Os beijos eram cada vez mais intensos, parecendo que iriam fazer sexo ali
mesmo, as mãos percorriam os corpos um do outro demonstrando desejos que em
breve seriam saciados.
Saíram
dali e foram em direção a zona portuária do Rio Amazonas por exigência dele.
Pegaram um taxi e praticamente fizeram um show particular para o taxista.
Desceram, ele pagou a corrida. Continuaram se beijando enlouquecidamente, se
agarrando, deixando o desejo transparecer para quem quisesse ver. Num momento ele a agarrou pelos ombros e
olhou no fundo de seus olhos, e foi nessa hora que um forte e bem colocado
golpe acertou sua jugular, interrompendo o fluxo de sangue e o levando ao
desmaio em poucos segundos.
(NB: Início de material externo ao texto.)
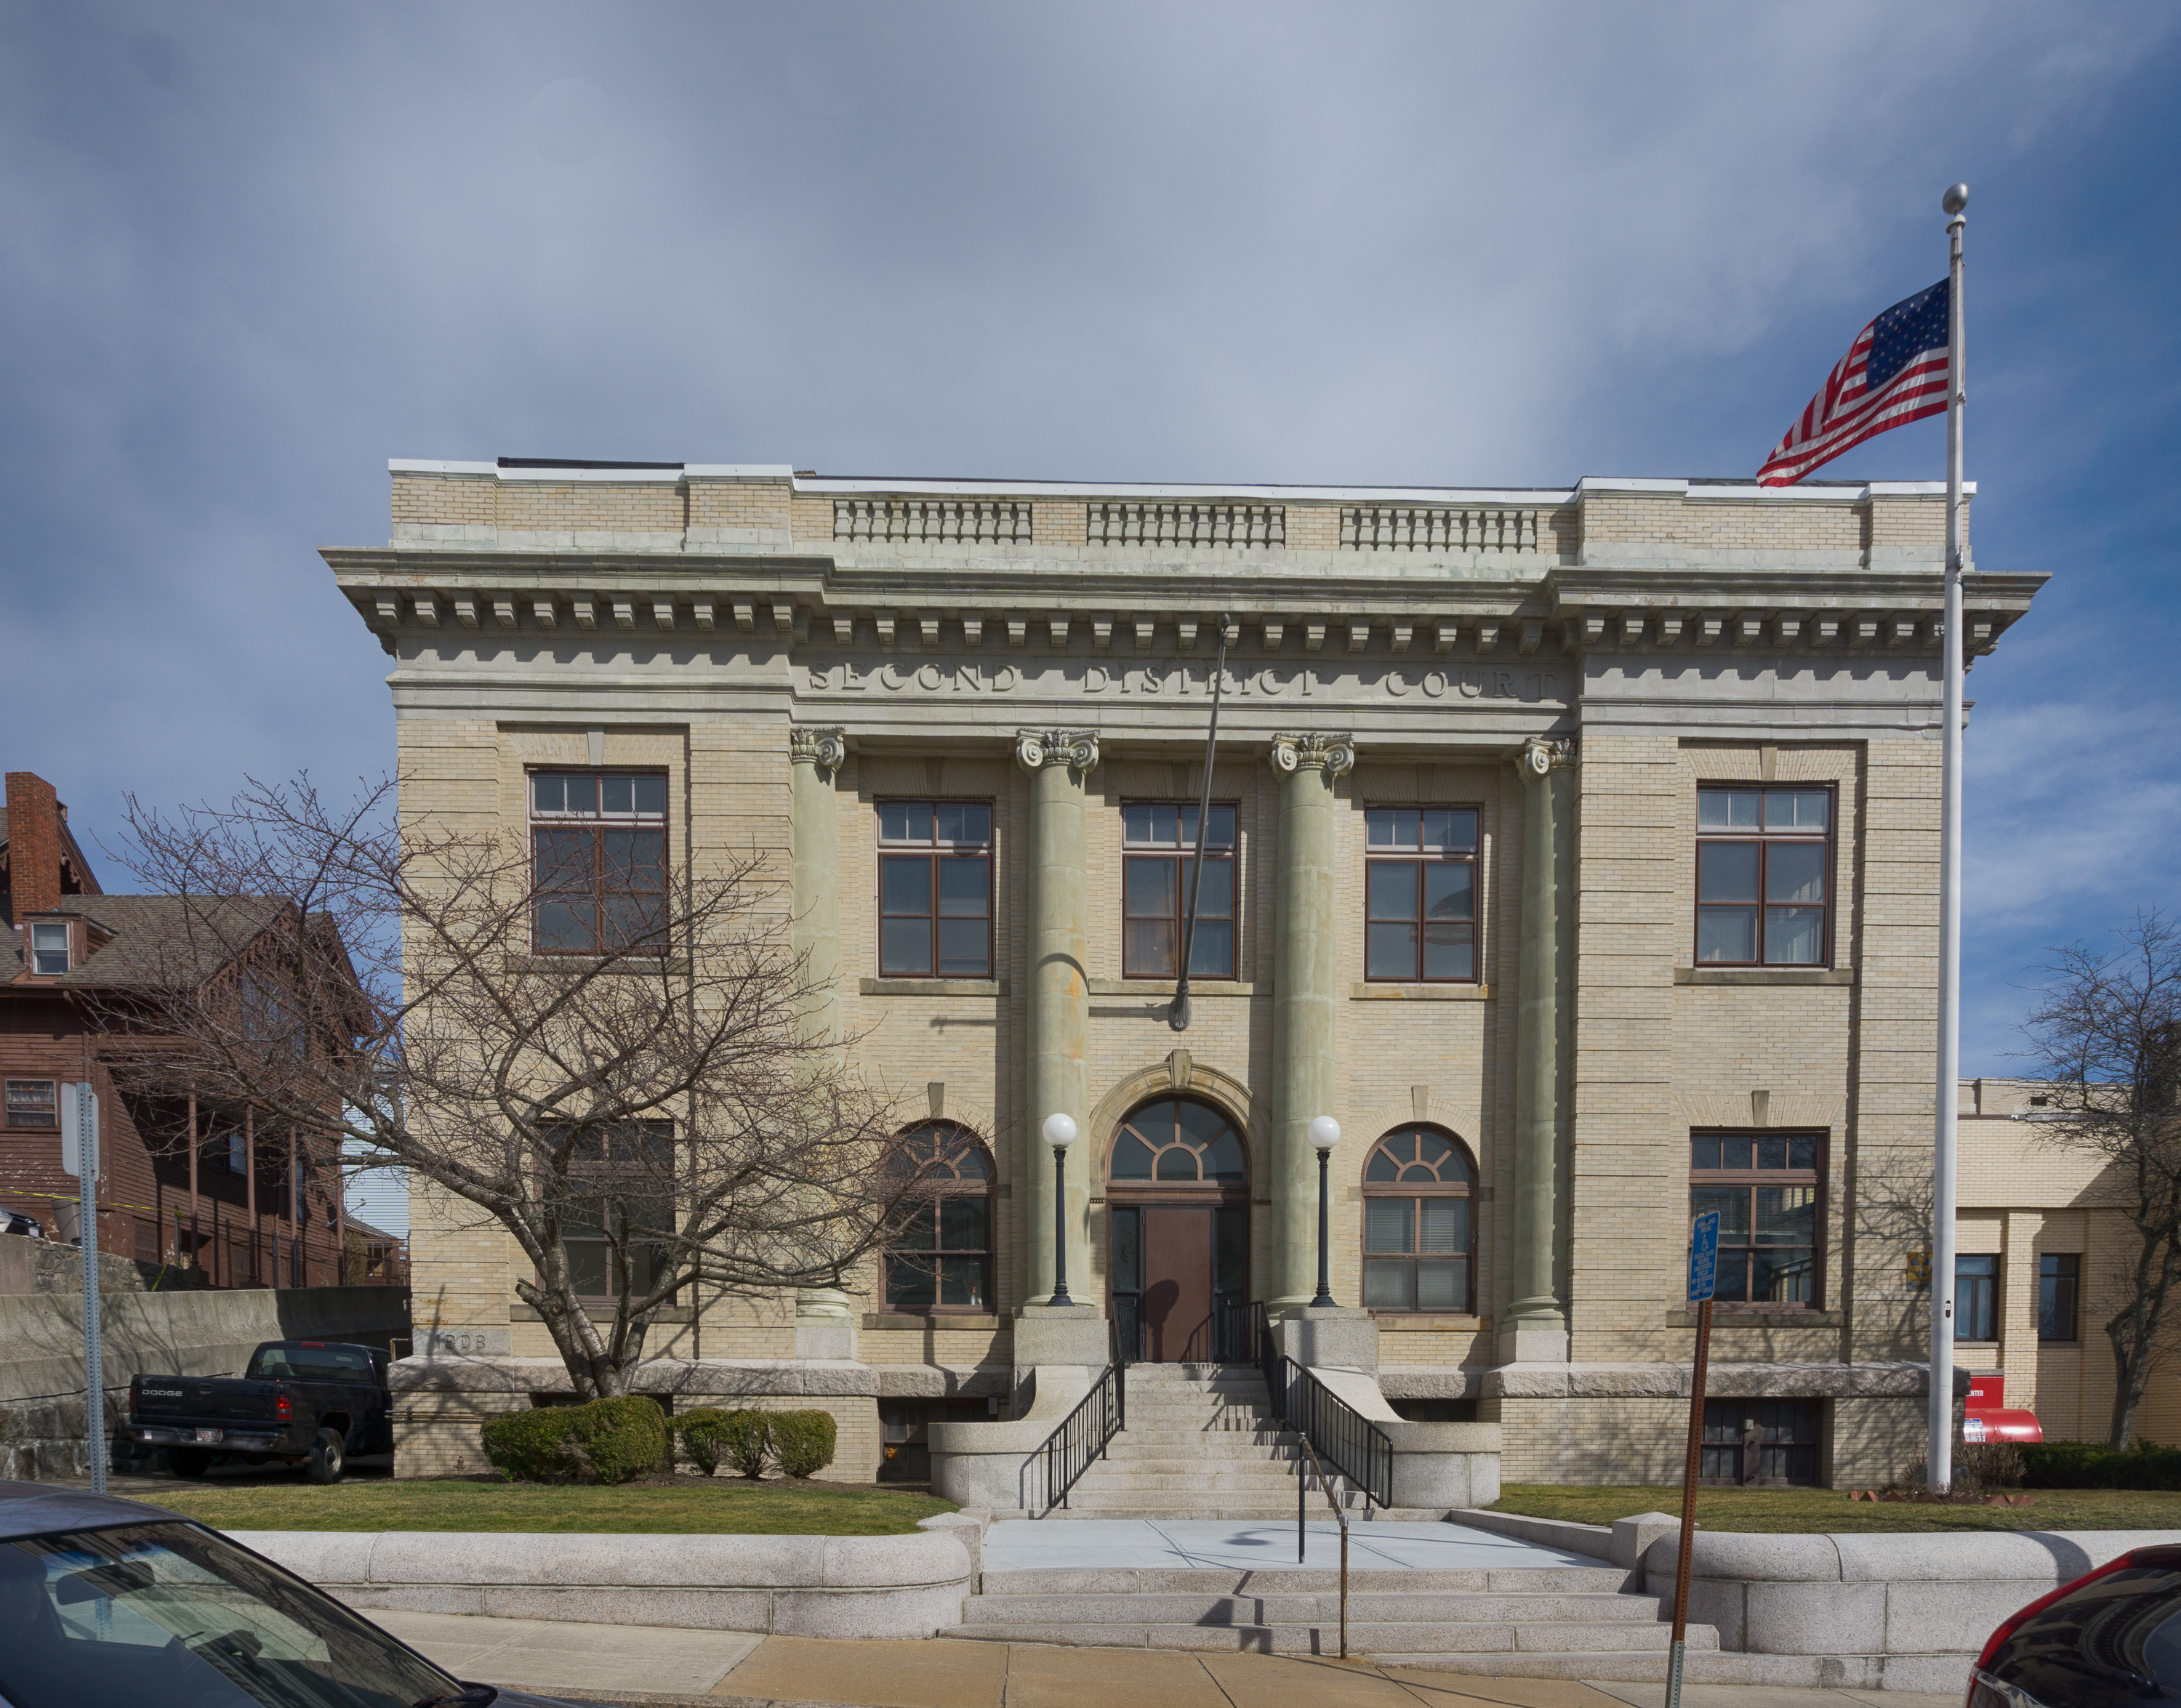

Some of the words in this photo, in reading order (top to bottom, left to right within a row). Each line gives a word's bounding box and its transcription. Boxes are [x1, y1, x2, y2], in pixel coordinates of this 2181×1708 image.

Sua visão ficou turva e foi escurecendo, ele foi
caindo no chão, e antes de apagar completamente pode ver um sorriso de vitória
no rosto daquela bela mulher.
O
lugar era uma casa de madeira que parecia ser longe da cidade, afinal o único
barulho que se ouvia era o correr das águas do Amazonas. Ainda era noite, mas
não faltava muito tempo para o amanhecer, e por isso estava ainda muito escuro e
o fato de estarem longe da cidade deixava o local mais escuro ainda. Ele fora
amarrado numa cadeira no meio do único cômodo da casa e estava desmaiado. Na
outra ponta, estava ela, não mais usando o vestido e sim uma calça preta e uma
camisa tipo pólo feminina, também preta. Na camisa chamava a atenção uma imagem
sobre o peito, um arco horizontal com três estrelas bordadas em dourado. Ela estava
mexendo numa mesa, a qual continha um grande aquário cheio de água do rio, mas
sem nenhuma criatura viva, além de algumas facas, armas de fogo e um telefone
via satélite.
Ela
se espreguiçou, como se fosse iniciar um trabalho simples e monótono, estralou
os dedos e depois agarrou uma das facas que estava sobre a mesa. Aproveitou que
sua vítima ainda estava apagada, amarrado na cadeira, e resolveu conseguir
algumas informações a mais. Tirou o chapéu do homem e confirmou a sua certeza,
vendo um orifício no topo da cabeça dele, o qual se mexia levemente e de forma
ritmada. Não havia dúvidas de que aquele homem respirava por aquele orifício.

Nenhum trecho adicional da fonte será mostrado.